The major drawback of this approach is that resource consumption increases exponentially with
the number of corrections.
Hash Tables
There are a wide range of implementations of hash tables. All of them have the
advantage that the procedure is extremely fast (constant), but not fault tolerant at all.
Error-tolerance is usually applied by doubling the hash table and by accessing it with
the so-called "front hash"-"back hash" procedure, assuming that an error occurs only in
one half of the word. Memory resources are comparably small. There are implementations which have a built-in
hash for special situations, where time can be saved when a perfect match is
sufficient. There is no commercially available solution that relies on this technology.
Associative Memory (Neural Nets)
This approach relies heavily on a learning scheme. Memory consumption is significant
because a large set of learned coupling constants have to be stored. Retrieval time
depends on the dictionary size, but not on the number of errors. The biggest
disadvantage of neural nets is the lack of result transparency. The results and their
credibility heavily depend on random factors during the learning period. Also the
overall performance is pretty slow. Other associative memory approaches try to define
an objective set of "features" (such as bigrams) in order to increase transparency.
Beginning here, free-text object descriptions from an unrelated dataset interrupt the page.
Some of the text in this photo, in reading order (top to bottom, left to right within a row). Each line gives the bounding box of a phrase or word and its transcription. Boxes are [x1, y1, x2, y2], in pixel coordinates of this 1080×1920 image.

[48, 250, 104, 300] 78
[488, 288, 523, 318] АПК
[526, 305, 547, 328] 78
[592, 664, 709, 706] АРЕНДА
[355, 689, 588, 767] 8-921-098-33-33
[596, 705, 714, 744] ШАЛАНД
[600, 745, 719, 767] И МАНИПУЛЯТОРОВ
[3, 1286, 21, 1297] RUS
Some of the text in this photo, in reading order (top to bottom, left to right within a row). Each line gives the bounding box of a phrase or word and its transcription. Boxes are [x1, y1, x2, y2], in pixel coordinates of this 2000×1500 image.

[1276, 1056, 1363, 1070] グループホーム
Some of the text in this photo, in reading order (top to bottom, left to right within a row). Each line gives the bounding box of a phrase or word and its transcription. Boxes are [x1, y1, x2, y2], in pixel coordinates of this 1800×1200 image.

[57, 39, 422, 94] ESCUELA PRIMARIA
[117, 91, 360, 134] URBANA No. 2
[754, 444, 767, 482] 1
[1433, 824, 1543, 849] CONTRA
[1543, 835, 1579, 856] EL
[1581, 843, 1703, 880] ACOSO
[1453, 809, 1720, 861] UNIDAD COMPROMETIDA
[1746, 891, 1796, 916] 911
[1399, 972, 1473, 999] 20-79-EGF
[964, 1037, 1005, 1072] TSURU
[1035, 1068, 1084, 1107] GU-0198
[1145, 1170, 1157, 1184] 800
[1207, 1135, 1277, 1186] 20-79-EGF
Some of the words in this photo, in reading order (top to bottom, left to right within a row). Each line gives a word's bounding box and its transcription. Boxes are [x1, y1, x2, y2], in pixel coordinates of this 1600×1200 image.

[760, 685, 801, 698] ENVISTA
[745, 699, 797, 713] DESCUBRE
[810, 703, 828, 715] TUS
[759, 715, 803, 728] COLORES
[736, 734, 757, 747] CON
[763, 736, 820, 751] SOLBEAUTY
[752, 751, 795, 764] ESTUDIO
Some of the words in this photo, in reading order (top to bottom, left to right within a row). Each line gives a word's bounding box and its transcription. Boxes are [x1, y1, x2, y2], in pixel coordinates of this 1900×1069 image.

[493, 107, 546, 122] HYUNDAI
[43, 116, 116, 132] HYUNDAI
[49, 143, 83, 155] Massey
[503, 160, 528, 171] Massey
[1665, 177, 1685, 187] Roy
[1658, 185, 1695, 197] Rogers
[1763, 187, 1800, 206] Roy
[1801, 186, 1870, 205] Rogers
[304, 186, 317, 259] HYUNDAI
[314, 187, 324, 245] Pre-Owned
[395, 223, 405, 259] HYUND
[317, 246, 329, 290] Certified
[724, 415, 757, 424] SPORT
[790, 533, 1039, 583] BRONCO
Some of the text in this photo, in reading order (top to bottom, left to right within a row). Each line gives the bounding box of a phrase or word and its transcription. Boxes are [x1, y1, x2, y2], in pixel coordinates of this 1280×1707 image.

However, these features are often not very distinctive and produce a lot of "cross-talk",
in other words the retrieval of unwanted matches.
Bipartite Matching
A totally different approach is bipartite matching. Here a cost function is introduced for
displacing a character. The idea is to match each query string to the reference string
with the lowest possible displacement cost. Unfortunately this technology can only be
used by "compiling" the query and running it against the data, with a general
performance as fast as grep or other scanners. Also the results are intuitively similar,
but there are no clear criteria for the results quality. Developers of solutions that are
based on this technology admit that calculating the edit distance
would be clearly superior, but that they had no efficient way to implement it.
Longest-Common-Subsequence (LCS)
This is considered a simplified variation of the Levenshtein algorithm. It has
drawbacks, since directly adjacent sequences of characters are receive the same
credibilities as scattered sequences. In cases where a clear relationship between
query length and dictionary entry length cannot be given, it is a convenient algorithm
for approximate retrieval, but has also no efficient implementation.
GlobStyle, Regular Expressions
The most common method of imprecise querying is using regular expression or glob
style matching. Regular expressions (egrep) are cumbersome to use and if not
specified with care, the correct entry can still be missed. As a result reliability and
transparency are not provided. Search performance is so poor for full-table scans
of large databases, that the technology is not
commercially viable.
|